The SQL features available to users across relational database management system products continue to evolve over time. In the past 30 years, features have been developed allowing us to concatenate values existing across multiple rows into a single row using LISTAGG, implement highly customizable ranking systems through window functions, and traverse hierarchal data and perform data scaffolding through recursive common table expressions, among other useful features. The evolving SQL standard along with the continuous improvements made by vendors in the form of proprietary features (e.g., functions) continue to deliver for SQL users; however, these new additions are not without their misses.

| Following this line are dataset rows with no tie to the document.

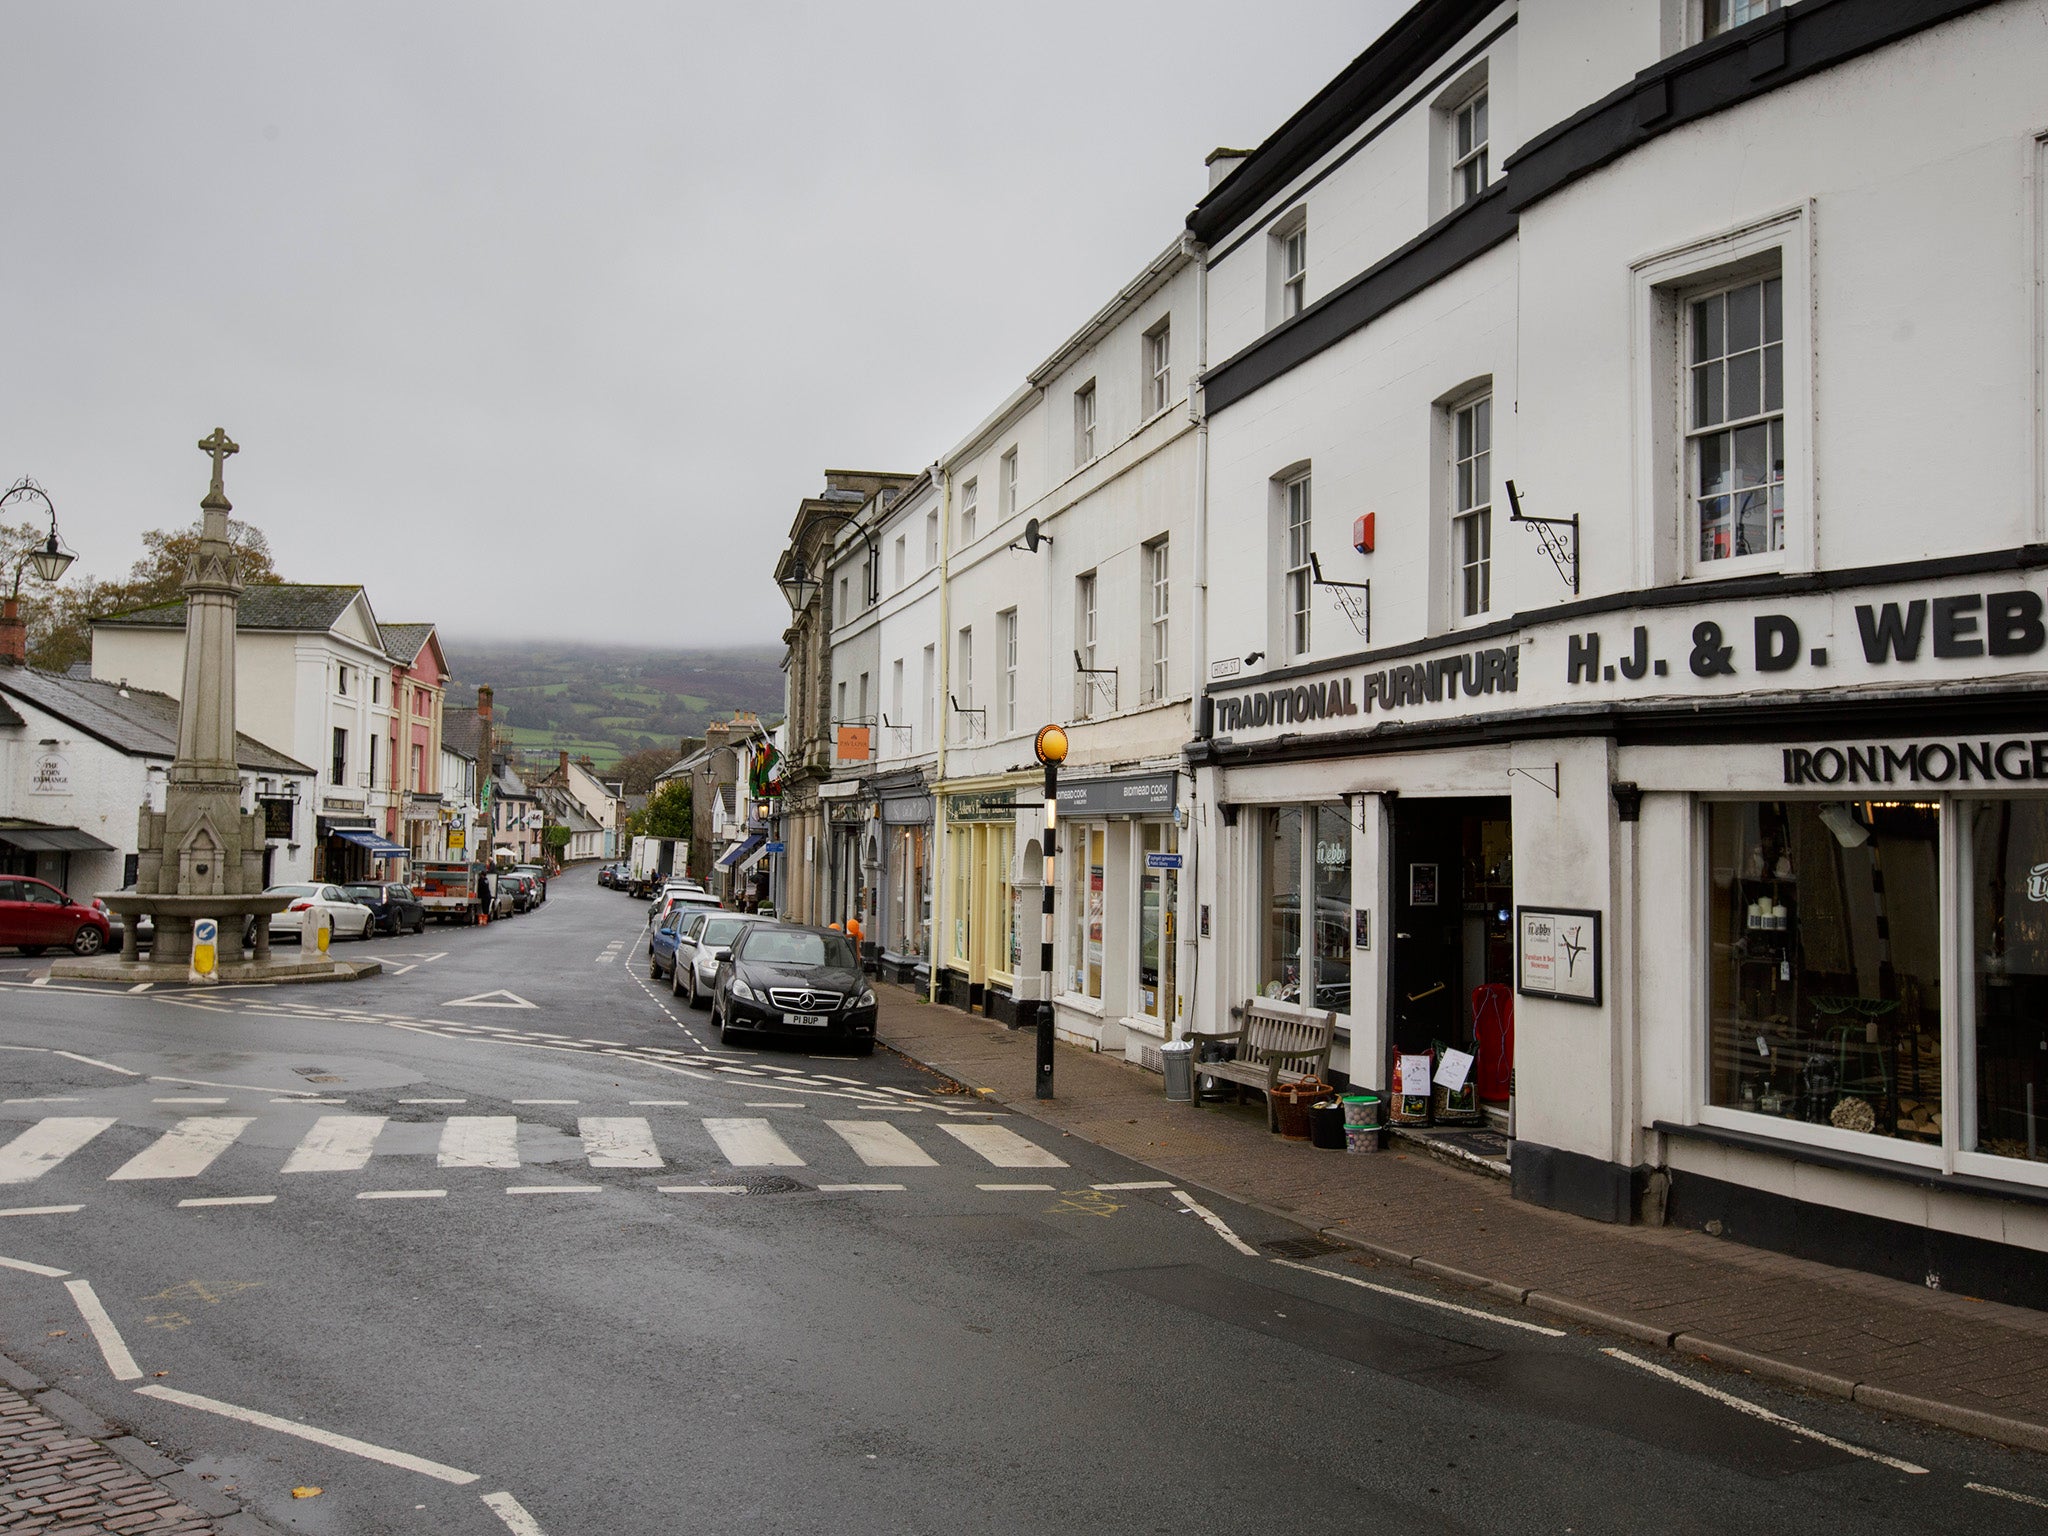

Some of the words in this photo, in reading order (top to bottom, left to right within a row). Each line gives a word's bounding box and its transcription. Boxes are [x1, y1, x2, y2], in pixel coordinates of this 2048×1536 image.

[1567, 625, 1668, 684] H.J.
[1689, 621, 1737, 678] &
[1214, 663, 1228, 675] HIGH
[1216, 677, 1357, 732] TRADITIONAL
[1364, 645, 1520, 713] FURNITURE
[1074, 789, 1088, 799] COOK
[1151, 784, 1168, 794] COOK
[803, 1016, 819, 1024] BUP

MySQL permits users to specify GROUP BY and ORDER BY clauses consisting of expressions representing the ordinal positions of attributes within the corresponding SELECT clause. For example, the query below computes the total sales for each product category within each reporting month and sorts the result set by reporting month and product category. The expressions 1 and 2 within the GROUP BY and ORDER BY clauses state, “GROUP/ORDER the result set by the first and second attributes specified in the SELECT clause.”

SELECT
	CAST(
		DATE_FORMAT(report_date, '%Y-%m-01')
        AS DATE
	) AS reporting_month,
    north_america_sale.product_category,
    SUM(total_sale) AS total_sale
FROM
	north_america_sale
GROUP BY
	1, 2
ORDER BY
	1, 2;
reporting_monthproduct_categorytotal_sale
2023-01-01Hardware10532049
2023-01-01Office Supplies9527596
2023-01-01Software10032955
2023-02-01Hardware7713650
2023-02-01Office Supplies8363496
2023-02-01Software8072274
2023-03-01Hardware10107952
2023-03-01Office Supplies9308036
2023-03-01Software9566038
2023-04-01Hardware9981157
2023-04-01Office Supplies9101319
2023-04-01Software8094593
2023-05-01Hardware8224588
2023-05-01Office Supplies9854939
2023-05-01Software8719227
2023-06-01Hardware8547870
2023-06-01Office Supplies8569213
2023-06-01Software9424211
2023-07-01Hardware8956408
2023-07-01Office Supplies8742601
2023-07-01Software8850498
2023-08-01Hardware9718295
2023-08-01Office Supplies8566646
2023-08-01Software9848671
2023-09-01Hardware9198295
2023-09-01Office Supplies8742664
2023-09-01Software9532093
2023-10-01Hardware9138984
2023-10-01Office Supplies8658959
2023-10-01Software8430418
2023-11-01Hardware9559386
2023-11-01Office Supplies11124204
2023-11-01Software9945806
2023-12-01Hardware9680977
2023-12-01Office Supplies11923226
2023-12-01Software11490082

Had this post a different title and opening, you would likely be rejoicing at the thought of being able to type fewer characters to achieve the same result. Instead, you are skeptical of this perceived benefit and rightly so! Let us explore are few reasons as to why it is an overall bad idea to incorporate this feature into production code.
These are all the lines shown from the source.